Droga e sentimenti, la Vitolo ‘scarica’ Fusco: “Diana e De Luca lo cercavano”

Inchiesta sullo spaccio. L’ex moglie del boss Del Vecchio: “Per Gravante era un confidente dei carabinieri”

Droga e sentimenti: è lo scenario raccontato da Teresa Vitolo alla Dda di Napoli. L’ex moglie di Carlo Del Vecchio, boss dei Casalesi, lo scorso ottobre, nel carcere di Roma, ha parlato con il pm Maria Sabina Calabretta. Aveva chiesto di essere interrogata perché voleva “chiarire” la propria “estraneità ai fatti” che le venivano contestati. Quali?
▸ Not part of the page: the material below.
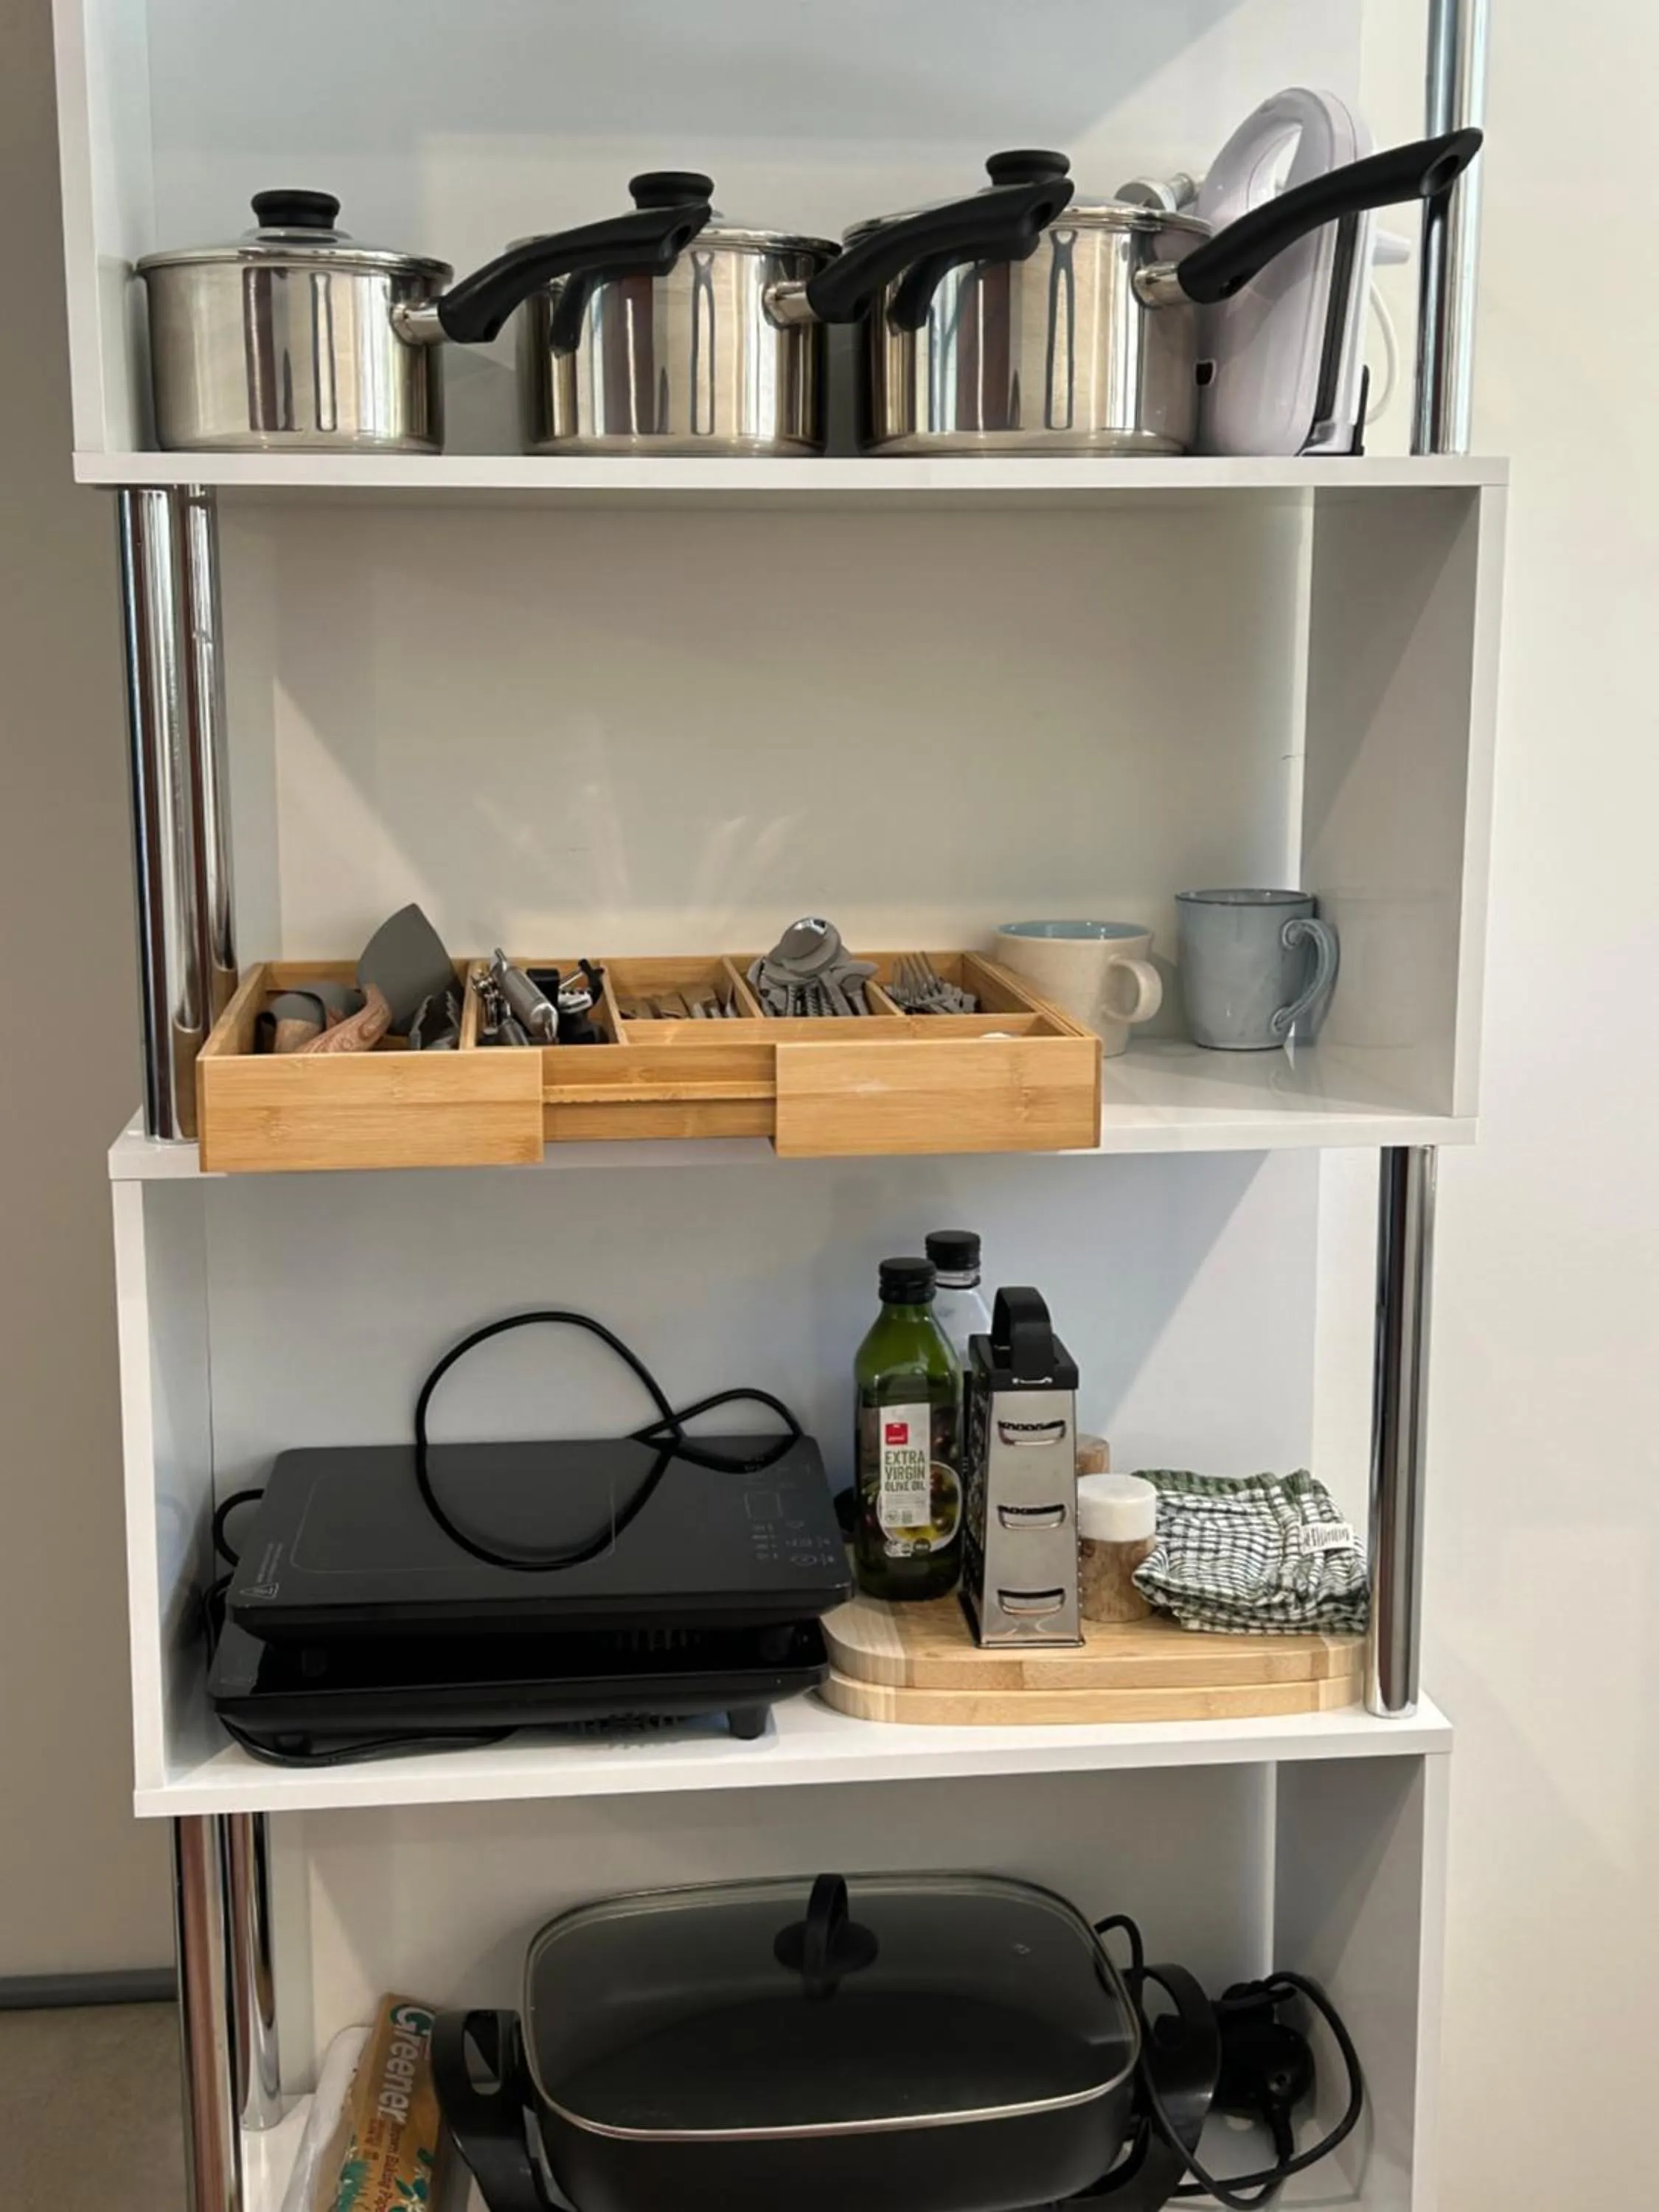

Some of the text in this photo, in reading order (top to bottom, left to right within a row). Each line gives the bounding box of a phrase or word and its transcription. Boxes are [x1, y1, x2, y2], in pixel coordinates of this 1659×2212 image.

L’esser stata perno di un’associazione criminale, specializzata nello smerciare stupefacenti nell’Agro caleno e nell’Agro aversano, che agiva avvalendosi di metodi mafiosi.

Rispondendo alle domande del magistrato, rispetto a quella decifrata dalla procura, ha raccontato una storia diversa sulla relazione che aveva con Stefano Fusco (vitulatino, altro suo ex) e con alcuni personaggi ritenuti dagli investigatori vicini alla mafia casertana.

“Fusco mi disse che aveva dei problemi con gente di Casale. Tale Cristina Gravante (estranea all’inchiesta), sua ex compagna, aveva messo in giro la voce che fosse un confidente dei carabinieri. Io non sapendo cosa fare pensai di parlare con un parente del mio ex marito. Avevo saputo tramite Fusco che due persone lo cercavano. Mi rivolsi a Gaetano Diana (figlio del boss Elio Diana, ndr) che mi confermò la voce. Gaetano mi disse che voleva parlare con Fusco, ma non è mai successo, perché quest’ultimo non ha mai voluto un rapporto diretto. Dopo circa 10 giorni – ha spiegato la donna – mi fermò un ragazzo, davanti alla scuola di mio figlio, chiamandomi zia e mi disse che Gaetano stava aspettando di parlare con Fusco”. Ma il figlio di ‘Eliuccio’ non era l’unico a voler incontrare il vitulatino. “Anche Corrado De Luca (boss di San Cipriano d’Aversa, estraneo all’inchiesta) lo cercava, sempre a dire di Cristina Gravante”.

In merito alla vendita di droga la donna ha ‘scaricato’ le responsabilità su Fusco: “Era dedito allo spaccio ed anche il figlio, Michele, attuale compagno di mia figlio”.

La Vitolo, capuana, sorella del pentito Massimo, ha sostenuto pure di non aver mai usato gli introiti dello smercio dei narcotici. “Solo una volta, tra il settembre e l’ottobre del 2015, a Fusco chiesi di prestarmi 400 euro per acquistare un telefono a mia figlia che compiva 18 anni”. Ha ribadito, inoltre, che il vitulatino non aveva avuto rapporti d’affari “relativi alla cessione di narcotici” con il figlio di Elio Diana. “Gaetano mi mandò un messaggio vocale su messenger in cui si lamentava che quello che mi aveva chiesto, cioè di incontrarsi con Stefano, non si era verificato”. E il giovane avrebbe reagito, ha sostenuto la Vitolo, dicendo al suo ex suocero, Paolo Del Vecchio, della relazione (sentimentale) proprio con Fusco. “In esito a questo mi smise di pagare gli alimenti per i miei figli”.
Se sapeva degli affari di Fusco, ha spiegato la capuana, era perché con lui trascorreva quasi tutto il giorno. La sua versione, però, non ha convinto la Dda, che ha comunque chiesto al giudice di Napoli di condannarla a 16 anni di reclusione. Secondo l’antimafia ha avuto un ruolo centrale nell’organizzazione diretta da Fusco (che rischia 20 anni di carcere). I due sono a processo con rito abbreviato insieme ad altri 9 imputati. Gaetano Diana, invece, sta affrontando il dibattimento a Santa Maria Capua Vetere.